Im Vorfeld der Weihnachtsfeiertage hatte sich der Batailloner Gedanken gemacht, wie er 90 Prozent der Soldaten in den Urlaub brachte ohne die Gefechtsbereitschaft zu beeinträchtigen. Ich fand das bemerkenswert, dass er sich für uns bemühte. Der alte Batailloner hatte die Truppe über die Feiertage gedrittelt, Zirl viertelte sie. Er schickte vor allem Junggesellen in die Vorweihnachtszeit. Sie bekamen vom 21. – 23.12. Urlaub. Außer Uschi bekam jeder von unserer Kompanie Urlaub. Ich konnte mir schwer vorstellen, das dass Zufall war. Irgendjemand wird es Roos schon zugetragen haben, die Geschichte mit der Gasmaske.

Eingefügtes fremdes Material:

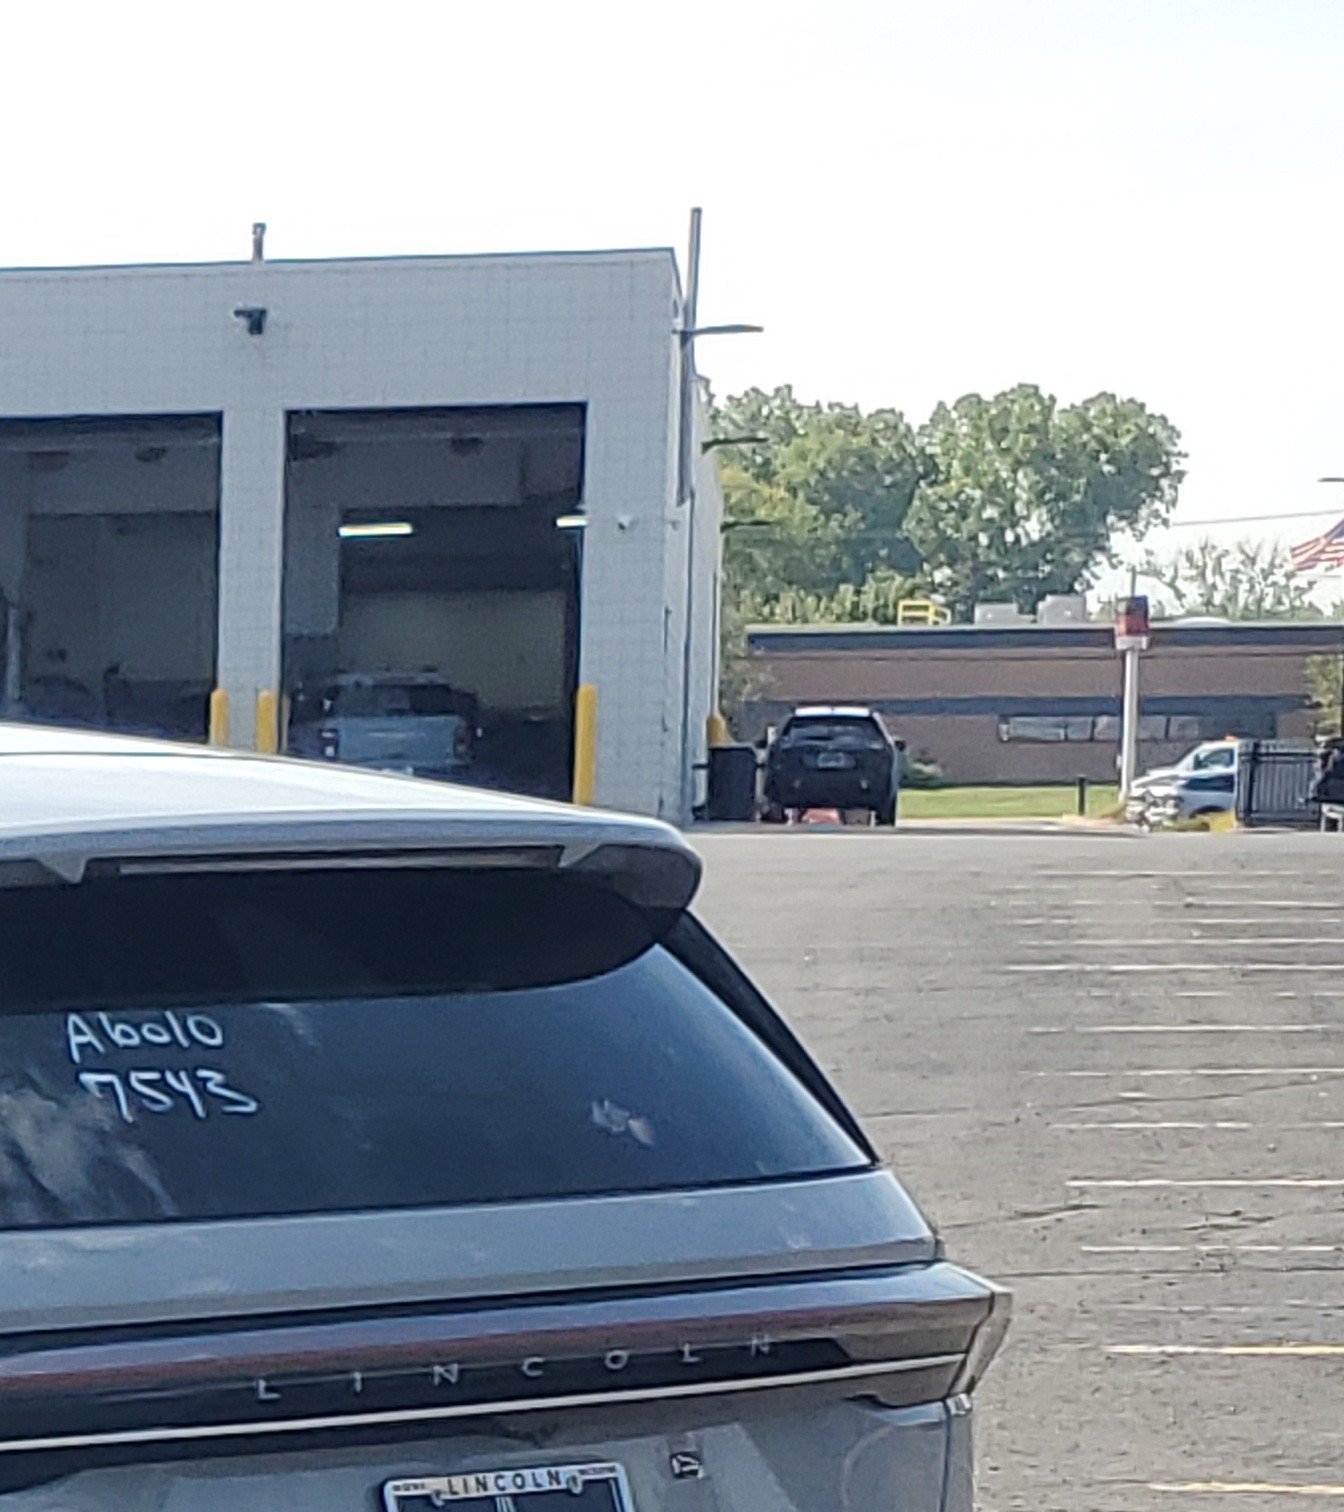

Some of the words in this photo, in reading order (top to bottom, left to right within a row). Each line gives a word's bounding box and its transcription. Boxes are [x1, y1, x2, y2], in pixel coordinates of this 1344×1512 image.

Aber nicht nur der Batailloner machte sich Gedanken. Auch die Verwandtschaft und die Freunde machten sich Gedanken. Es stapelten sich in den Spinden wieder die Stollen. Ich hatte Gott sei Dank in diesem Jahr nur einen bekommen. Aber Rudi hat vier Stück im Spind liegen. Da würden wir bestimmt noch Ostern davon zehren. Heinz hatte mir ein Paket mit Zigaretten geschickt, es enthielt eine Stange Club und eine HB. Das half wirtschaften, mit der Menge kam man ein Stück. Außer mir auf dem Zimmer rauchten, Meise und der lange Müller. Bernhard raucht auch hin und wieder Pfeife. Wenn er sie rauchte verbeitete sich ein angenehmer Geruch von Vanille. Die Umgangssprachliche Bezeichnung für die Tabaksorte war Pudding.
Die Vorweichnachtszeit hielt noch eine andere Überraschung parat. In den polytechnischen Oberschulen
hatte man in der 10. Klasse ein neues Fach eingeführt, den Wehrkundeunterricht. Die Jungen und Mädchen sollten auf die Armeezeit vorbereitet werden. Die Mädchen konnten sich für den Sanitätsdienst freiwillig melden. An einer Schule in Neustadt an der Orla sollte diebezüglich ein  Geländespiel stattfinden. Diese Ausbildung wurde von der Kampfgruppe eines ansässigen Betriebes organisiert. Begleitet werden sollte die Maßnahme von regulären Soldaten. Wie die gerade auf unsere Truppe kamen, blieb mir ein Rätsel. Denn bis Neustadt an der Orla waren es ca. 70 km. Auf den Weg nach Neustadt lagen zig Kasernen. Jedenfalls wurde ich mit zu der Schulveranstaltung abkommandiert. Früh 7.00 Uhr ging es los. Als wir in Neustadt ankamen hatte das Geländespiel schon angefangen. Feldwebel Scheinert teilte uns
den einzelnen Posten zu. Wir kamen zum vorletzten Posten nur Massi und ich waren noch nicht aufgeteilt.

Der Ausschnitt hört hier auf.